This is an update post for a previous one.
These were the recommendations from StockMonitor 2.0 on Oct 2022.
This post will show two things:
- the results for what would have happened if I had just bought and held the above stocks once in October 2022
- real results, based on tweaks and adjustments made to purchasing decisions during the year.
But first, let's consider how the S&P 500 itself did, so we have a good, base comparison to work with.
S&P 500
The S&P 500 price for beginning of October 2022 as around $3,678.
And on 1 Oct 2023, it was about $4,229.
I'm not taking dividend payments etc into account here, so the growth was $551, or just about 15%. My Interactive Brokers account reflected it as being around 11.3%.
Either way, pretty good! Better than I thought it would be, to be honest.
Static results from the suggestions on Oct 2022
The figures displayed are not the actual amounts and proportions of stock I purchased, only the price for a single unit of a stock, and how much that unit would have been worth in October 2023.
The aggregate result was a growth of about 35.7%.
Impressive at first glance, but on closer inspection it was all due to one stock. 😅
Booking Holdings carried the results entirely with a real superstar performance. If we take Booking out of the equation, the results would have been miserable.
So, an interesting results, but not really a real-world example, since one would assume that adjustments would have been made to holdings during the year.
Basing results off of a single snapshot for October 2022 is not realistic. Things change.
Real StockMonitor results for Oct 2022 to Oct 2023
And it's not only the market that changed.
As the year progressed, especially towards the end of 2023, I suspected that something was off with following a purely mathematical, mechanical results approach.
Buffet and Munger both insisted on one thing above all else - do they believe in the actual company and its leadership itself? And do they understand the market and what it wants?
AI might be able to do this this in the future too(I will certainly play around with it later), but for the present at least, StockMonitor is not capable of doing such intuitive value-judgements.
So I found my approach drifting towards StockMonitor only making suggestions, and then me doing more thorough research and a gut-feel estimates, before purchasing by the end of 2023.

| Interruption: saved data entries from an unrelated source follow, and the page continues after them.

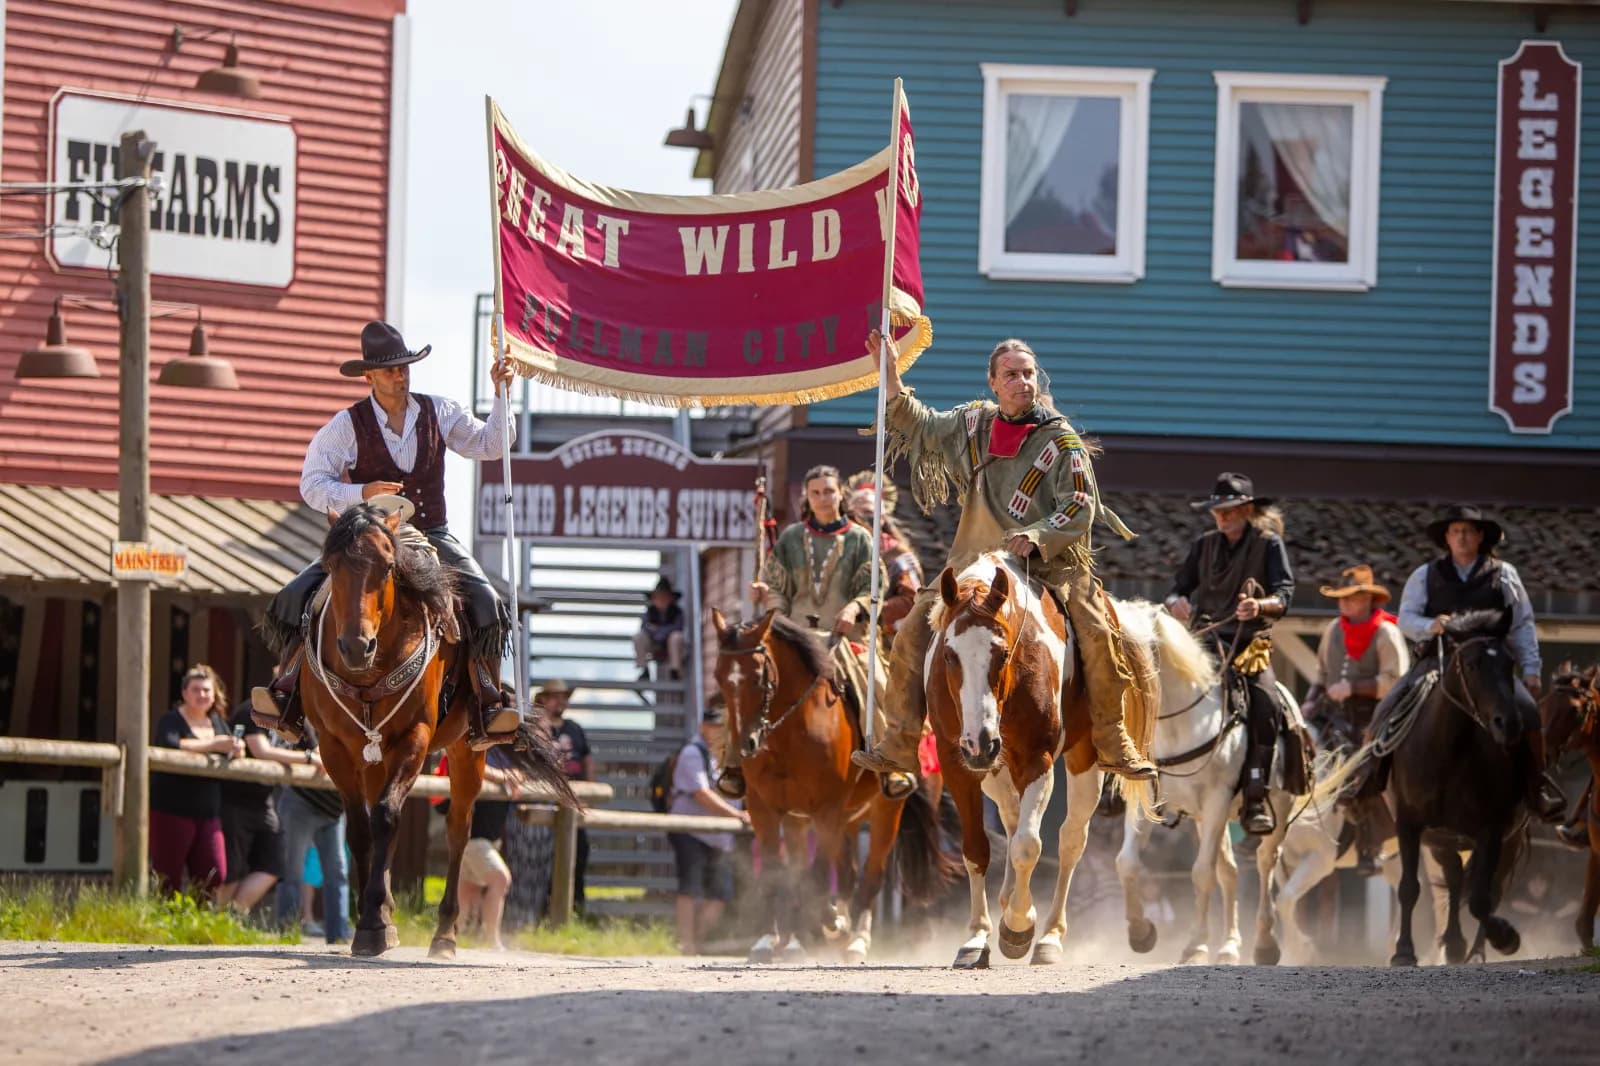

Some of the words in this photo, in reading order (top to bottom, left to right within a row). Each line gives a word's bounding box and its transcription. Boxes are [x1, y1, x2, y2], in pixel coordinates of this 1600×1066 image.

[65, 140, 281, 245] FIEARMS
[678, 208, 842, 276] WILD
[1511, 69, 1559, 404] LEGENDS
[520, 292, 710, 367] PULLMAN
[743, 316, 840, 366] CITY
[563, 485, 670, 537] LEGENDS
[676, 488, 757, 539] SUITES

That being said, the results well be looking at next was more a reflection of my earlier mechanical approach. I guess next year will be a better reflection of my new one.

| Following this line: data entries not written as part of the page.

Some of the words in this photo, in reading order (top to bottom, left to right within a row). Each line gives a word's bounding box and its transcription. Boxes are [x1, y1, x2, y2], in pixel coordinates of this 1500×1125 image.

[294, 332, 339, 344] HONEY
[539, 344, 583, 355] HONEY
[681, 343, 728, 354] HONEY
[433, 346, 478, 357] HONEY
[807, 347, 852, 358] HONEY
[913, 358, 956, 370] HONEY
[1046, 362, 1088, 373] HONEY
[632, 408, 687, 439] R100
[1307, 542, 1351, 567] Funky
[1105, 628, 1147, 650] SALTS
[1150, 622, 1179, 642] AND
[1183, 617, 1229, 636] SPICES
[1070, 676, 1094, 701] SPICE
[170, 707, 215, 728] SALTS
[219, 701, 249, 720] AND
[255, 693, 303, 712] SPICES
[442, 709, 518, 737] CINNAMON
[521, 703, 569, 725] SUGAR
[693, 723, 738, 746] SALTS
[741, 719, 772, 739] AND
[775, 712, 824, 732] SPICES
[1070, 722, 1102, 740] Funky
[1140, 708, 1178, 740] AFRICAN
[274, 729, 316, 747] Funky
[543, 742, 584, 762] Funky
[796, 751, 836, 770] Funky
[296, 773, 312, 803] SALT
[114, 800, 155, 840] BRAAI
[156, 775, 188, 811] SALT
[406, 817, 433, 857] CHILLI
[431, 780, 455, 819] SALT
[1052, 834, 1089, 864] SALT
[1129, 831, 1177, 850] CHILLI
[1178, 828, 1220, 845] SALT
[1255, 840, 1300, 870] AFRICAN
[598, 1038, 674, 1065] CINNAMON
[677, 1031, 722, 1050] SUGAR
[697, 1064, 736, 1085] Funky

That being said, let's look at the real-world results StockMonitor achieved during Oct 2022 to Oct 2023.
As a side note: I purchased on stock on different platforms, due to the economics of available investment products in South Africa, so this section will be a bit of a patch-job. Please bear with me.
I'll show the aggregate results from my portfolio on Interactive brokers first, and then a compiled Sheets doc containing the results from my other investment accounts.
At the end, I'll combine them to get a final estimate of performance.
The performance was, shall we say, not great either.
StockMonitor did quite well during the beginning of the year(I Tweeted excitedly about it), but by the tail end of 2023, the S&P 500 came out ahead.
In short, you'd still have been better off holding the S&P 500.
The results on my Interactive Brokers account at beginning October 23 was around 9%(it recovered in Jan 2024 to around 24%)
Now let's look at the cumulative results from my other investment accounts, for both October and the present.
A definite loss. Not good at all.
You'd have been waaay better of just holding the S&P 500(which gained around 11-15%, remember?).
Combining all the results above means that, on average, StockMonitor performed at around -0.75% compared to the S&P 500's 11-15%.
Terrible. 😅
What's next for StockMonitor?
Well, I certainly took notes and learned a lot during the year, and I've come up with an adjusted approach.
Going forward, I'm going to take StockMonitor results only as a starting point, just to narrow down companies to investigate manually.
I'll take the list of options it comes up with and only invest if :
- I see that the company in question has had continuous growth during the past 5+ years
- I understand exactly what the company does and what is required for it to continue doing well in it's market
- truly believe it will continue doing as good going forward, as it did in the recent past
StockMonitor is basically just a toy project for me at this stage. It's not ready to be trusted with anyone's money.
TBH, I lost some of the enthusiasm I had for it previously after this miserable performance.
I'll continue hacking at it and tweaking my approach to using it, but only for my own amusement and curiosity, not as a serious tool for investment.
It's currently at best a work in progress, and at worst a failure.